Did I Get it From My Pet?

Photo: Andrew Lightman

One of the questions veterinarians I often get asked is whether our pet dogs and cats carry any diseases that a human could catch. The answer is yes, although it happens very rarely and the risk is very low. Diseases that can be passed from animals to humans are called “zoonotic.” I thought it would be worthwhile to review some of the important zoonotic diseases. I also wanted to touch on some of the diseases that get a lot of attention, but are actually not a big risk.

Let’s start with the elephant in the room, Ebola. I think everyone has probably heard the story of the woman with Ebola whose dog was euthanized because of concerns that her dog might carry or spread Ebola. There was also the case of the healthcare worker in Dallas whose dog was quarantined when she came down with Ebola. Can dogs or cats get Ebola? Can dogs or cats give Ebola to people? According to the U.S. Centers for Disease Control and Prevention (CDC), there are no reported cases of dogs or cats becoming sick with the Ebola virus or of being able to transmit it to people. This includes areas in Africa where Ebola is present. While we are still studying and learning about this devastating virus, there is currently no reason to believe our dogs or cats are at risk for catching or spreading Ebola.

Another well known human disease that people worry about with their pets is Methicillin-Resistant Staphylococcus Aureus, or MRSA (usually pronounced “mur-sah”). MRSA is a type of bacteria that can be difficult to treat because the bacteria has become resistant to certain types of antibiotics. Not every human or animal that becomes exposed to MRSA becomes ill (only a small percentage, actually), and people with a weakened immune systems are more likely to become infected. While it was originally thought that humans could pass MRSA to animals, but animals could not pass it to humans, it now appears that it can pass from human to animal or from animal to human. Speaking anecdotally, it extremely rare to see MRSA in our pets. However, if you are concerned about a possible MRSA infection in your pet, talk to your veterinarian. If you are worried about a MRSA infection in yourself, talk to your physician!

Toxoplasmosis is another zoonotic disease that many people have heard of. Toxoplasmosis is a microscopic protozoal parasite that can cause illness in pregnant women or immunocompromised people. Cats can be a source of infection for people, but so can eating undercooked or raw meat (especially pork), eating raw or unpasteurized milk, or ingesting cysts picked up from the environment. In fact, you are more likely to get toxoplasmosis from eating undercooked meat than from your cat. In addition, infected cats only shed cysts for a short time, so they are only a source of infection for a brief period. Nevertheless, individuals at risk can protect themselves by avoiding cleaning the litter box if possible, or by cleaning the box daily, wearing gloves when cleaning the box, and washing their hands afterwards. If you are worried about toxoplasmosis in your cat, talk to your veterinarian.

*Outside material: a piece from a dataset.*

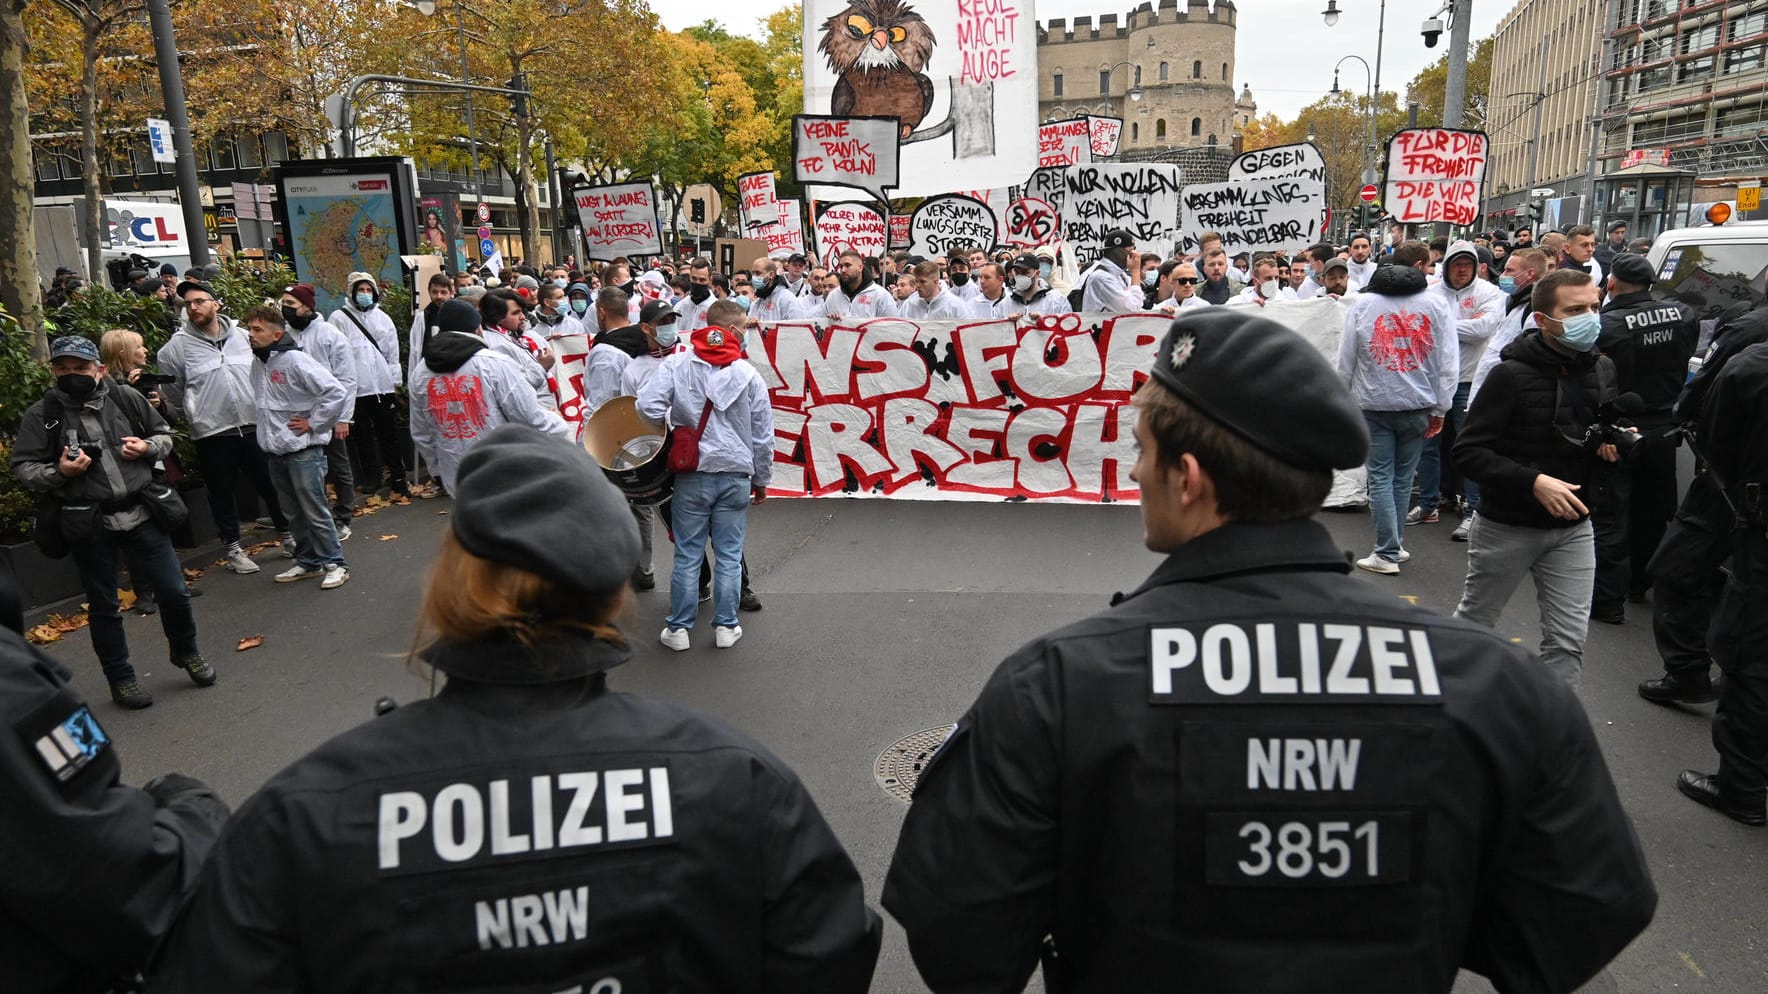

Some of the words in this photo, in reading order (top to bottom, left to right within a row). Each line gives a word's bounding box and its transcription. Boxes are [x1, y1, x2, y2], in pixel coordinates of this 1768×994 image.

Ringworm is a good one to cover, too. Ringworm is actually not caused by worm, but by a fungus. Infection with this fungus can cause itchy, red rashes (sometimes with a red ring) in people. People can catch ringworm from the environment and also by coming into contact with an infected dog or cat. Ringworm is most common in young cats, but can infect dogs and cats of all ages. Ringworm in pets can have many different appearances, but most often causes patchy areas of hair loss and crusting lesions. However, there are many other more common diseases that can cause similar skin lesions in cats and dogs, including allergies, bacterial skin infections, and fleas. Therefore, if you are concerned about ringworm in your pet, have your veterinarian examine your pet first before assuming it is ringworm.

I don’t have enough space to cover all the possible zoonotic diseases of dogs and cats, but I do have some tips for preventing problems. First, practice good hygiene. Wash your hands after handling your pet or pet waste, especially before eating. Second, remember healthy pets are less likely to carry disease. Have your pet examined regularly by your veterinarian, keep their vaccinations current, and use monthly parasite preventatives. Third, keep yourself and your family healthy, since people with healthy immune systems are less likely to be infected. Lastly, talk to your veterinarian if you see symptoms of disease in your pet. With these simple precautions you can keep your whole family, both humans and our canine and feline family members, healthy and happy!

Born in Washington DC, Dr. Keith de la Cruz is currently the Treasurer/Secretary of the Virginia Veterinary Medical Association and is a Past President of the Northern Virginia Veterinary Medical Association.  He is newest associate veterinarian at AtlasVet (1326 H St NE).